### What you will do
Word for word, repeat the data; no picture should appear in the result.

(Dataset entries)
━━━━━━
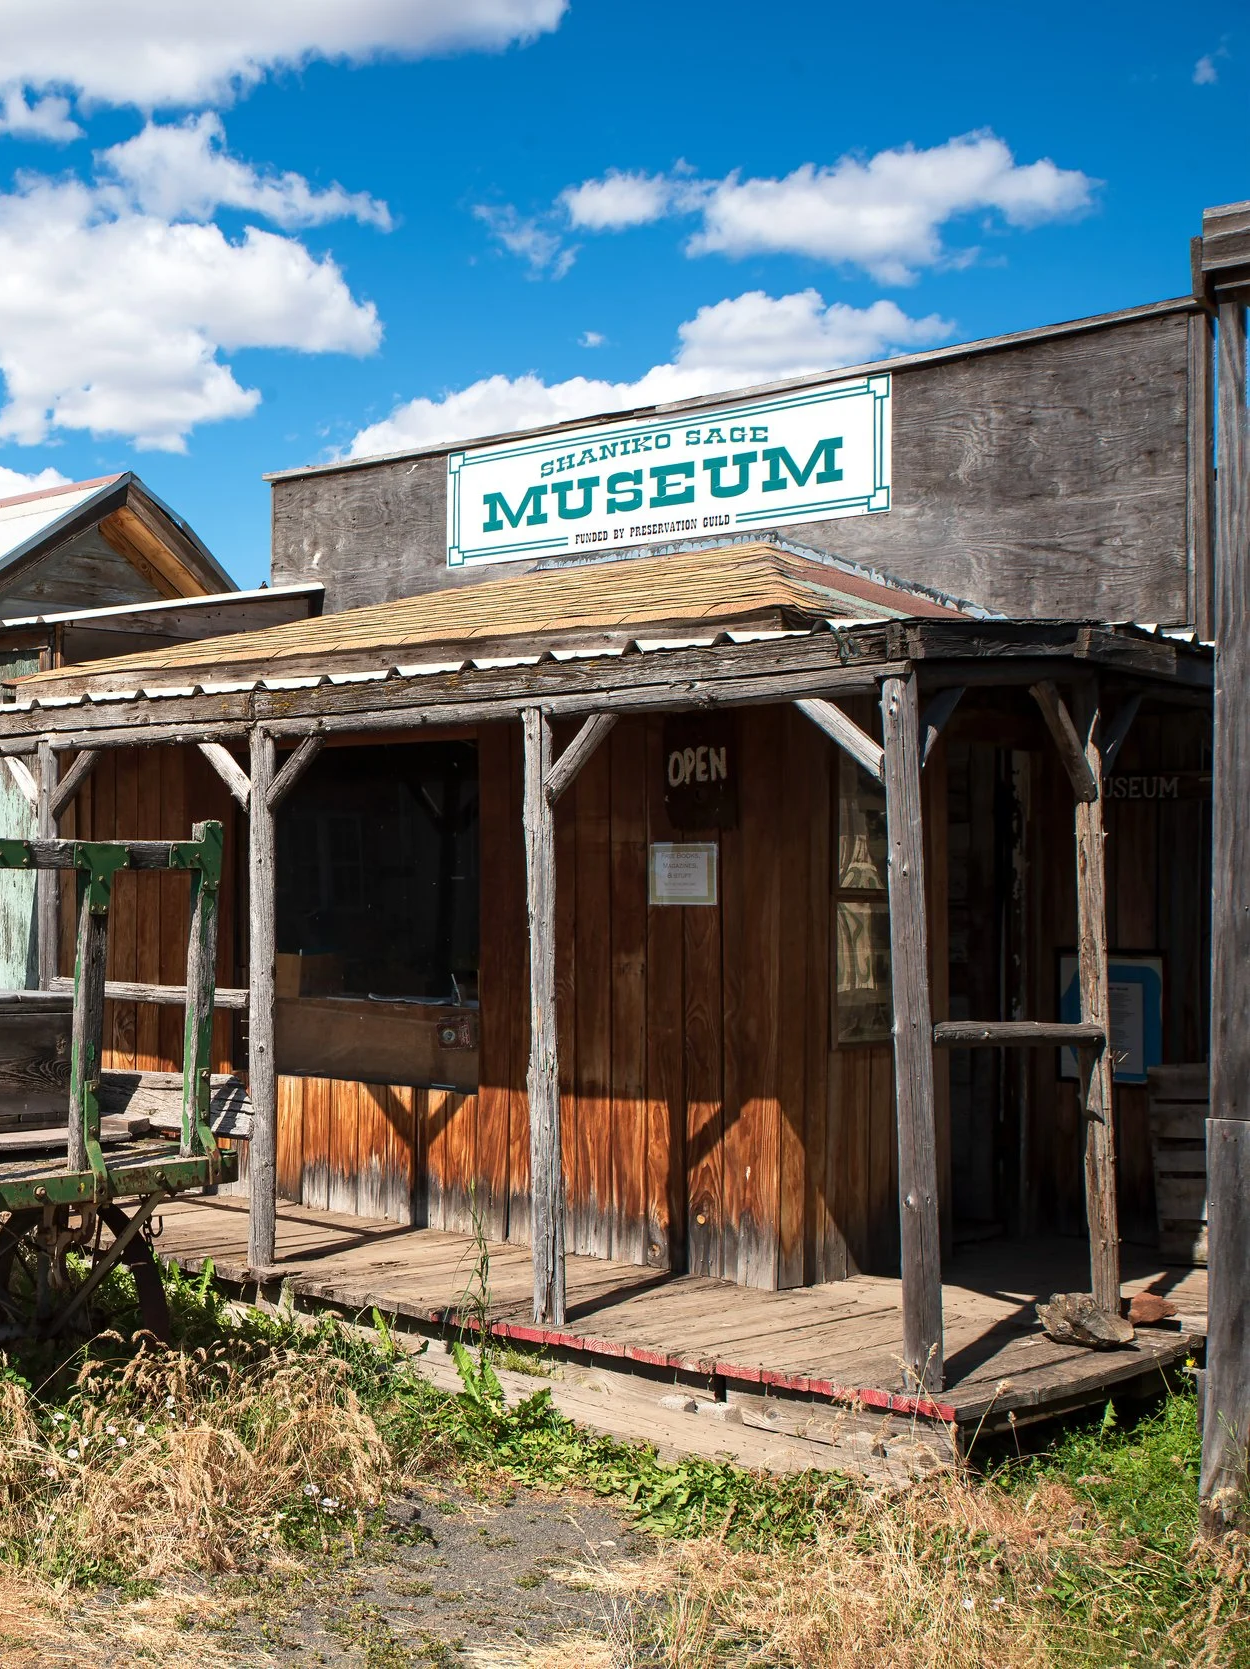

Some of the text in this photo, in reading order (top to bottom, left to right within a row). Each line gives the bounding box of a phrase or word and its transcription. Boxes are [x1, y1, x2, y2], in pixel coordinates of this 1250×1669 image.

[540, 426, 769, 478] SHANIKO SAGE
[482, 436, 844, 533] MUSEUM
[574, 513, 731, 545] FUNDED BY PRESERVATION GUILD
[667, 745, 728, 788] OPEN
[1102, 776, 1180, 798] USEUM
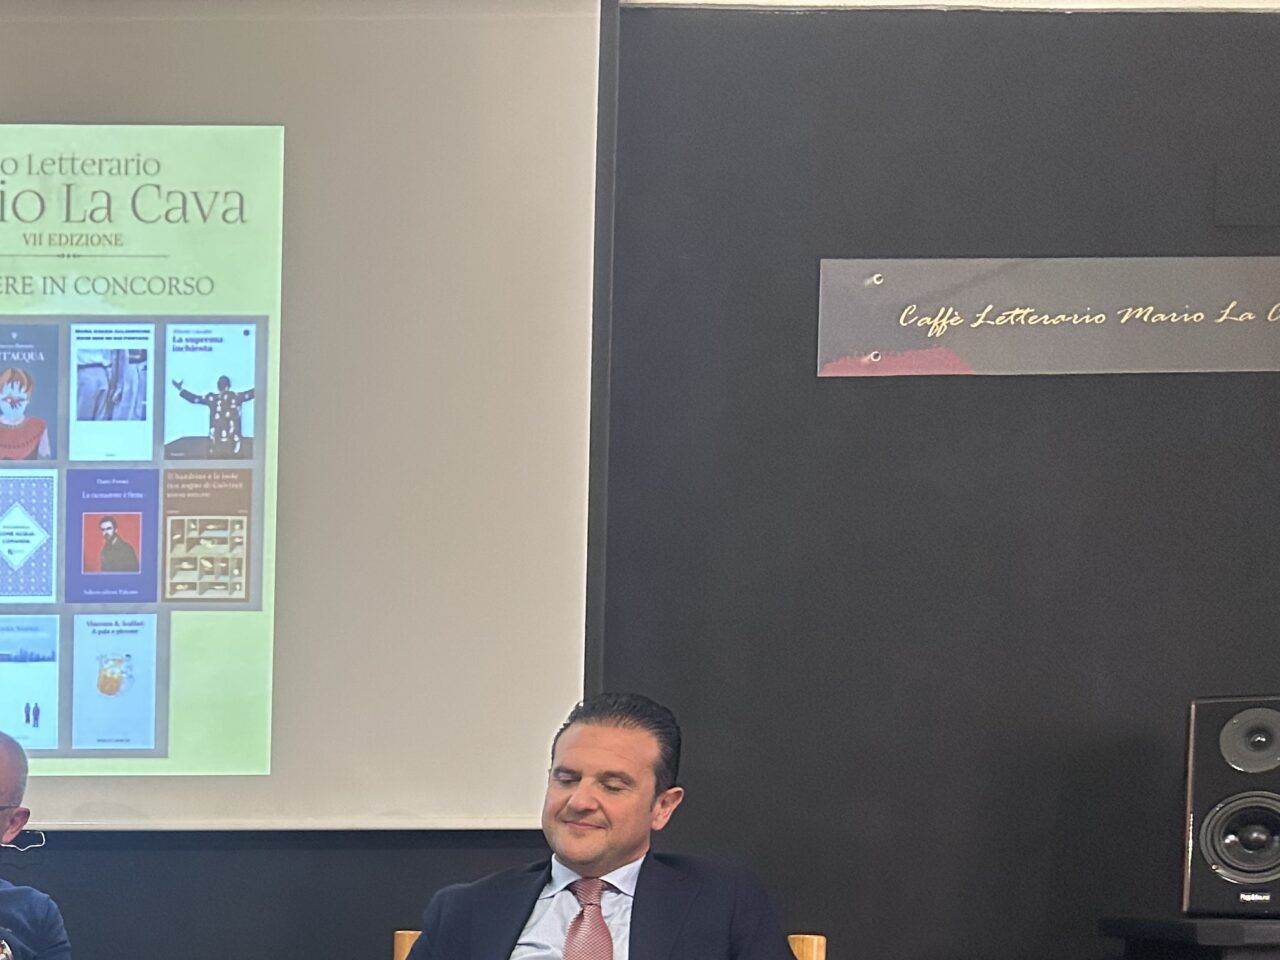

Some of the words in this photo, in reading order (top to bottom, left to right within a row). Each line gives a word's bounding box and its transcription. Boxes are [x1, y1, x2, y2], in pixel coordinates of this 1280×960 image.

[27, 152, 162, 177] Letterario
[61, 183, 114, 225] La
[130, 183, 248, 225] Cava
[22, 232, 43, 247] VII
[48, 232, 125, 248] EDIZIONE
[42, 276, 67, 296] IN
[73, 275, 216, 297] CONCORSO
[898, 303, 964, 338] Caffè
[970, 303, 1108, 329] Letterario
[1118, 304, 1205, 326] Mario
[1214, 300, 1256, 323] La
━━━━━━
### Written response
Some of the text in this photo, in reading order (top to bottom, left to right within a row). Each line gives the bounding box of a phrase or word and its transcription. Boxes are [x1, y1, x2, y2], in pixel coordinates of this 1250×1669 image.

[540, 426, 769, 478] SHANIKO SAGE
[482, 436, 844, 533] MUSEUM
[574, 513, 731, 545] FUNDED BY PRESERVATION GUILD
[667, 745, 728, 788] OPEN
[1102, 776, 1180, 798] USEUM

Some of the words in this photo, in reading order (top to bottom, left to right within a row). Each line gives a word's bounding box and its transcription. Boxes are [x1, y1, x2, y2], in pixel coordinates of this 1280×960 image.

[27, 152, 162, 177] Letterario
[61, 183, 114, 225] La
[130, 183, 248, 225] Cava
[22, 232, 43, 247] VII
[48, 232, 125, 248] EDIZIONE
[42, 276, 67, 296] IN
[73, 275, 216, 297] CONCORSO
[898, 303, 964, 338] Caffè
[970, 303, 1108, 329] Letterario
[1118, 304, 1205, 326] Mario
[1214, 300, 1256, 323] La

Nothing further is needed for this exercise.